Adhyaya 345
Prabhasa KhandaPrabhasa Kshetra MahatmyaAdhyaya 345

Adhyaya 345

本章は、プラバーサ(Prabhāsa)聖域における霊地讃(māhātmya)を簡潔に述べる。ハーṭケーシュヴァラ(Hāṭakeśvara)と呼ばれるリンガが語られ、その東方区画にナレーシュヴァラ(Naleśvara)という祠があると示される。

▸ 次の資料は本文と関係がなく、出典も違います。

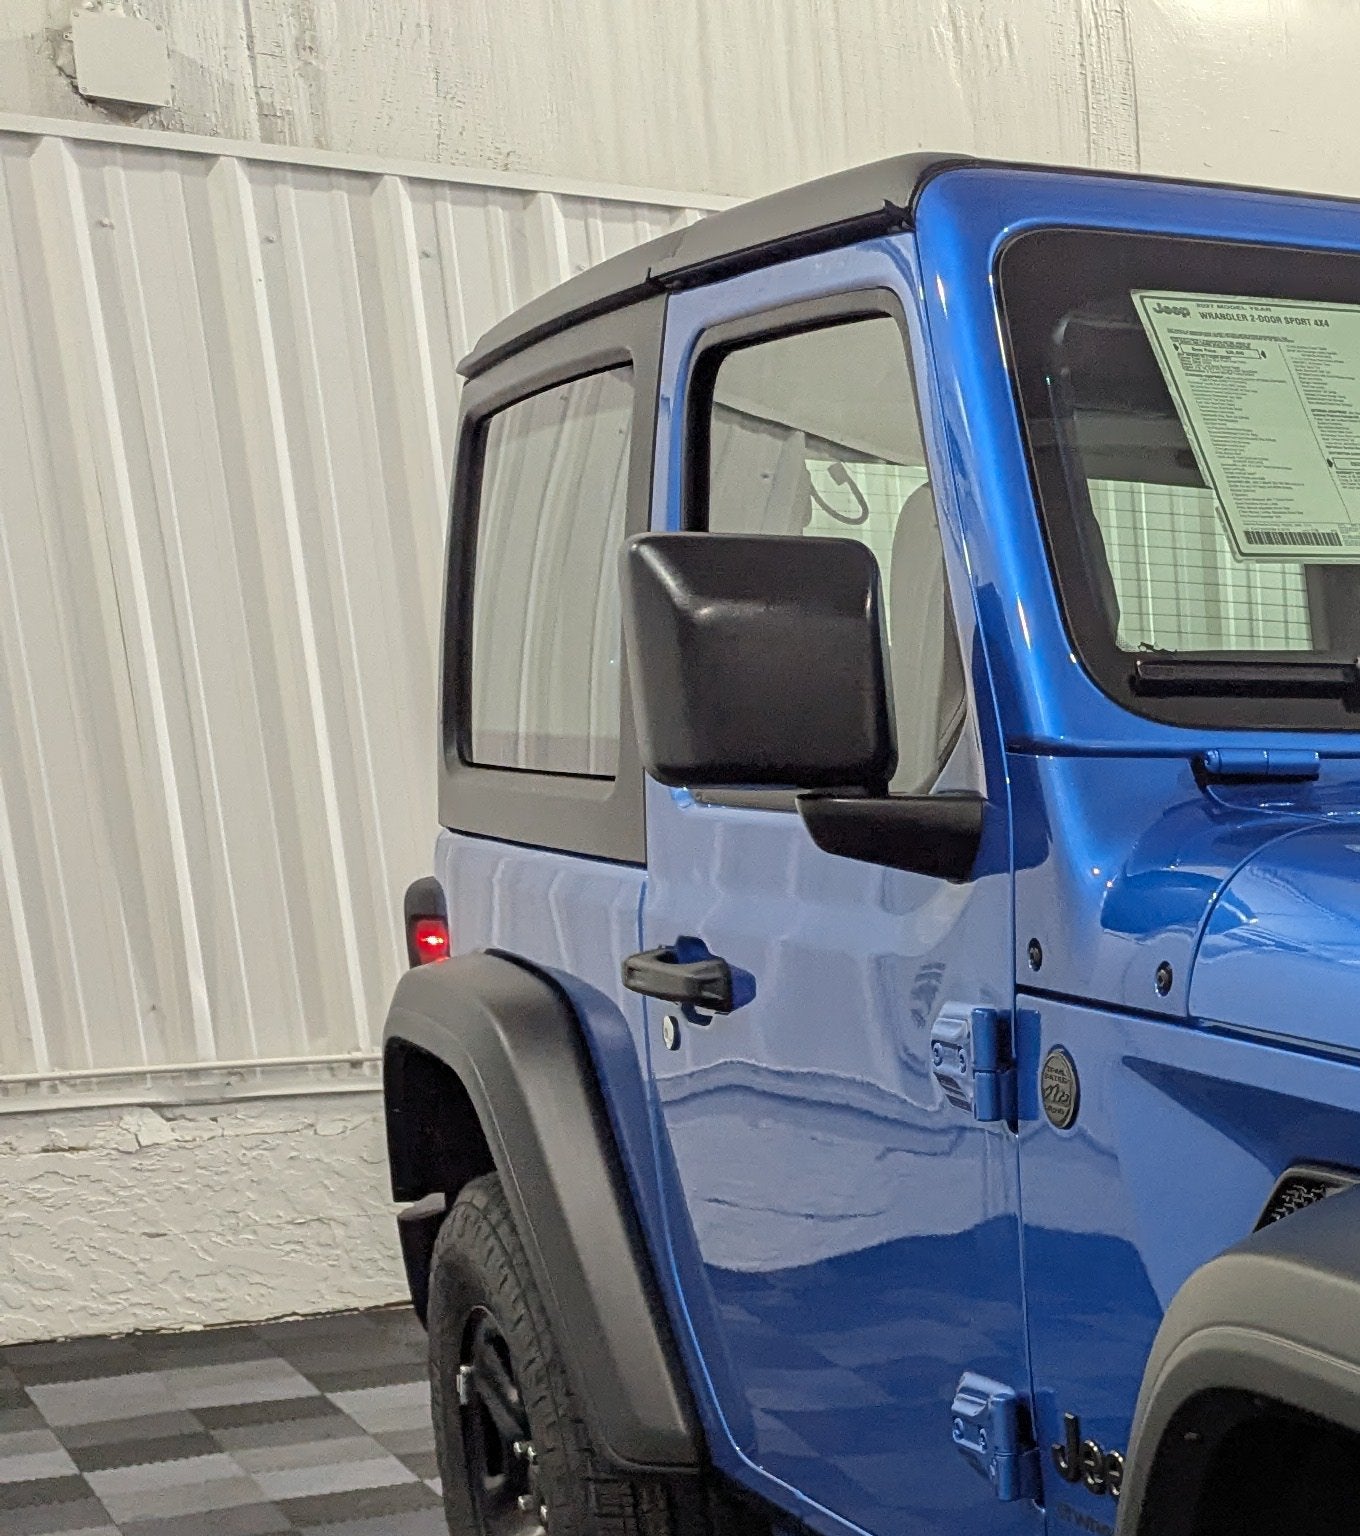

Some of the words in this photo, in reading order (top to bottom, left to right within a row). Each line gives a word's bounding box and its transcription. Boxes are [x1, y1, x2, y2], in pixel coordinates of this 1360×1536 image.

イーシュヴァラ(Īśvara)はデーヴィーに向かい、方角と具体的な距離の目安を説いて、聖域内での所在を明らかにする。 また、ナレーシュヴァラはナラ王(Nala)と妃ダマヤンティー(Damayantī)によって建立されたとされ、模範的な王妃王の二人がこのクシェートラの卓越を認めたことにより霊験の権威が裏づけられる。続く果報説(phalaśruti)では、正しい作法によりリンガを拝観し供養する者はカリ時代の諸患(“kali” afflictions)から解放され、さらに賽(さい)・賭博(dyūta)における勝利をも約束されると説かれ、この祠への信敬に結びつく特異な現世利益が示される。

Shlokas

Verse 1

ईश्वर उवाच । ततो गच्छेन्महादेवि लिंगं वै हाटकेश्वरम् । जरद्गवात्पूर्वभागे धनुषां षष्टिभिस्त्रिभिः

イーシュヴァラは言った。「それから、大女神よ、ジャラドガヴァの東方、六十三ダヌシュの距離にある『ハータケーシュヴァラ』と名づけられたリンガへ赴くべきである。」

Verse 2

नाम्ना नलेश्वरं देवि स्थापितं तु नलेन वै । दमयन्तीयुतेनैव ज्ञात्वा क्षेत्रं तदुत्तमम्

おお女神よ、ここは「ナレーシュヴァラ」と呼ばれる。まことにナラ王が、ダマヤンティーと共に、この地を最上の聖なるクシェートラと悟って自ら建立したのである。

Verse 3

तं दृष्ट्वा मानवो देवि पूजयित्वा विधानतः कलिभिर्मुच्यते जंतुर्द्यूते च विजयी भवेत्

おお女神よ、それを拝見し、定められた作法により礼拝する者は、カリの諸苦から解き放たれる。さらに賭博においてさえ勝利を得るであろう。

Verse 345

इति श्रीस्कांदे महापुराण एकाशीतिसाहस्र्यां संहितायां सप्तमे प्रभासखंडे प्रथमे प्रभासक्षेत्रमाहात्म्ये नलेश्वरमाहात्म्यवर्णनंनाम पञ्चचत्वारिंशदुत्तरत्रिशततमोऽध्यायः

かくして、尊き『スカンダ・マハープラーナ』—八万一千頌のサンヒター—のうち、第七のプラバーサ・カンダ、第一の「プラバーサ聖域功徳章」における、「ナレーシュヴァラの功徳の叙述」と題する第345章はここに終わる。